10:25 pm

What's in a name?


I've always done servicing, in all it's various forms, for work. Contact & call centres, marketing services, hospitality, client servicing. Never sales. Always servicing.

You learn quickly that when you deal with people, you need to get their names right. Servicing people have their own quirks. We spell based by country name. The entire alphabet, spelt out in country form.

F rance
I ndia
O saka
N orway
A merica

I always wondered why men, especially, seemed a little flustered when faced with this strange new way of spelling. For women - which populate three quarters of the servicing world - it seems like the most natural thing in the world. For men? I just put it down to our Singaporean men having gone through National Service and after spending 2 years in the military, they spell differently.

Boy, was I wrong.
I've just discovered that it is the
OFFICIAL way to spell, dammit.

The NATO phonetic alphabet, more formally the international radiotelephony spelling alphabet, is the most widely used spelling alphabet.

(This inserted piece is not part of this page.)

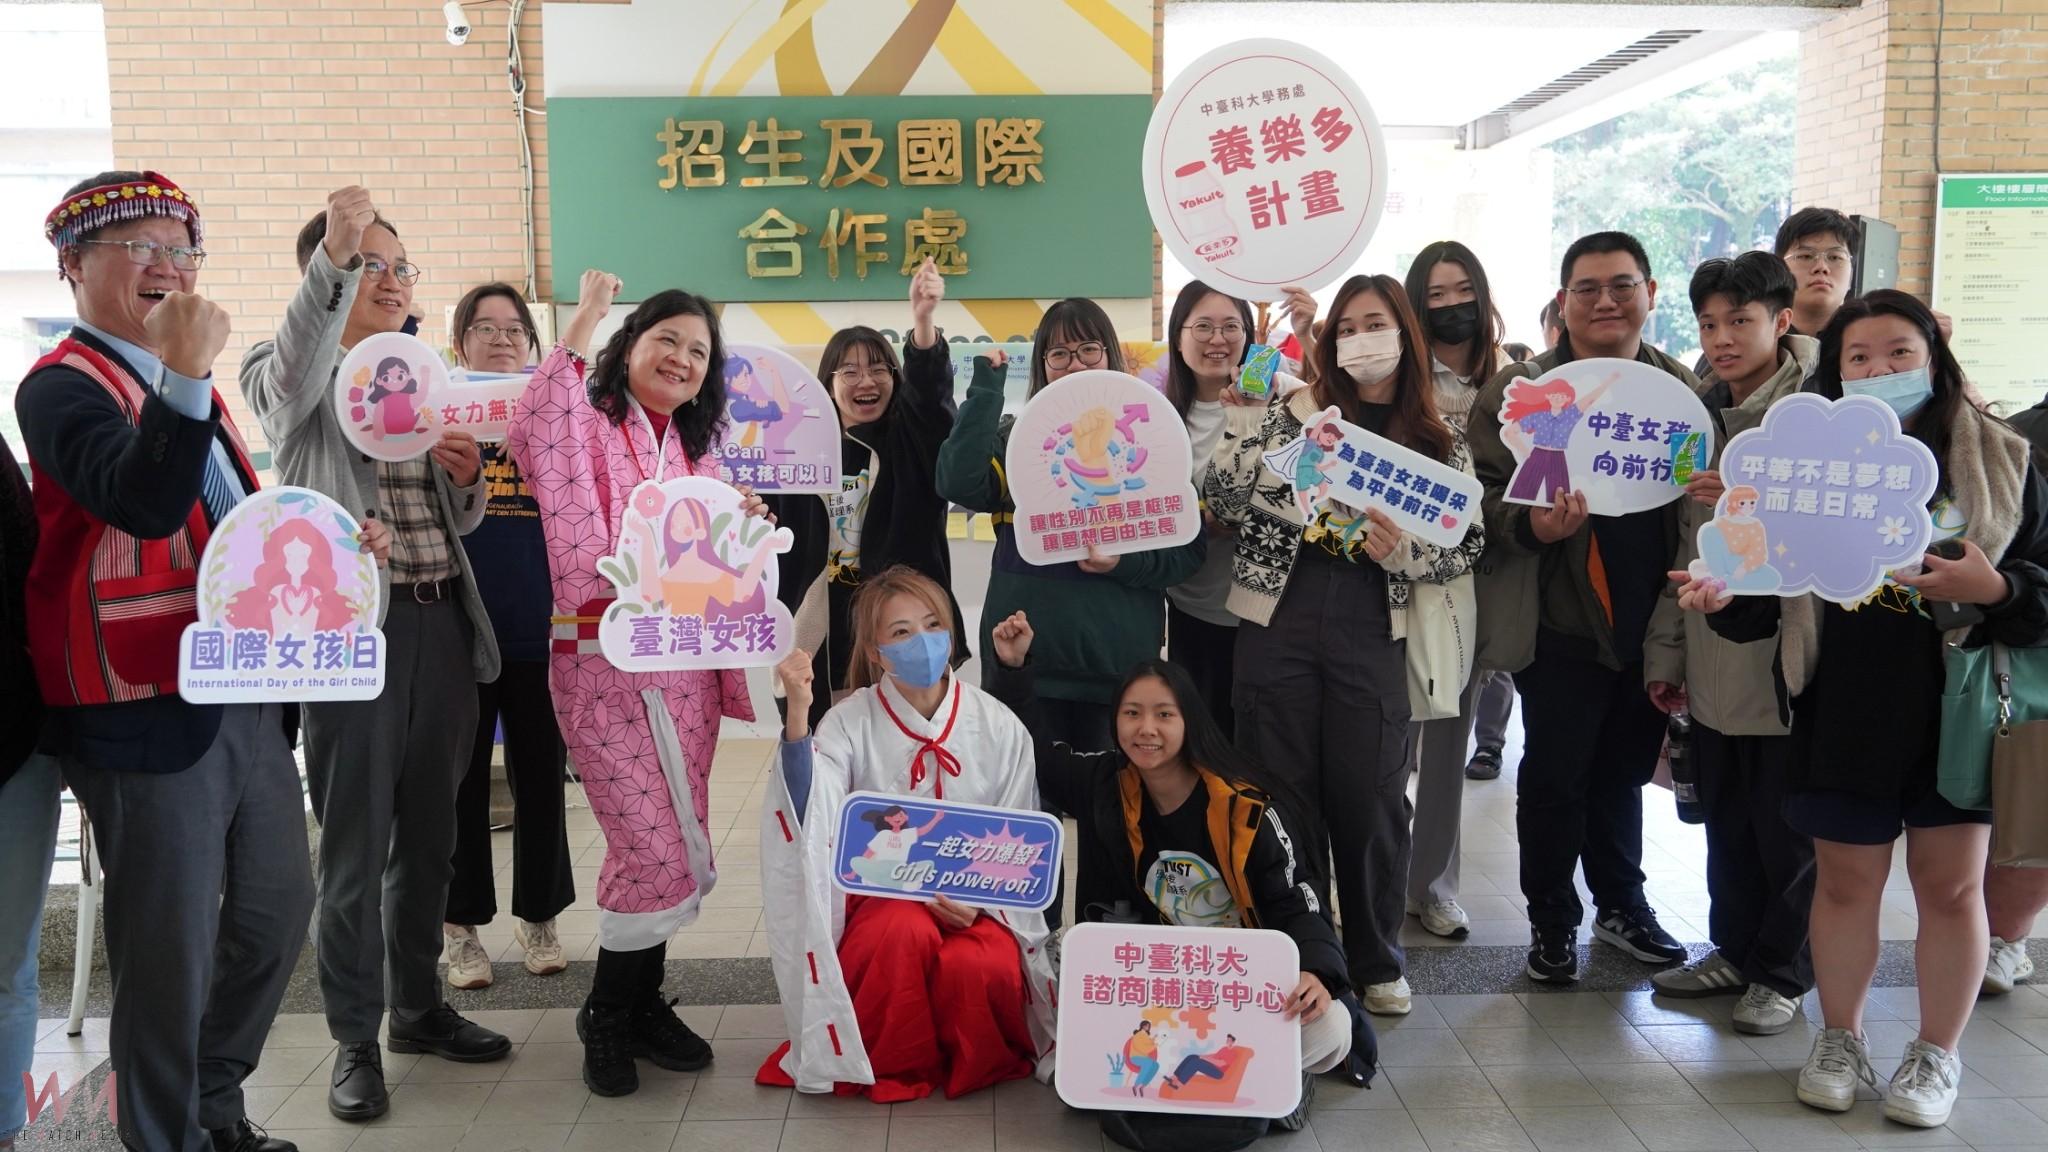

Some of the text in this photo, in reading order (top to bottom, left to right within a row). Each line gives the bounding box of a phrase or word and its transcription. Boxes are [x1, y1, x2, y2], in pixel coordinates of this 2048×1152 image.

Though often called "phonetic alphabets", spelling alphabets have no connection to phonetic transcription systems like the International Phonetic Alphabet. Instead, the NATO alphabet assigns code words to the letters of the English alphabet acrophonically so that critical combinations of letters (and numbers) can be pronounced and understood by those who transmit and receive voice messages by radio or telephone regardless of their native language, especially when the safety of navigation or persons is essential.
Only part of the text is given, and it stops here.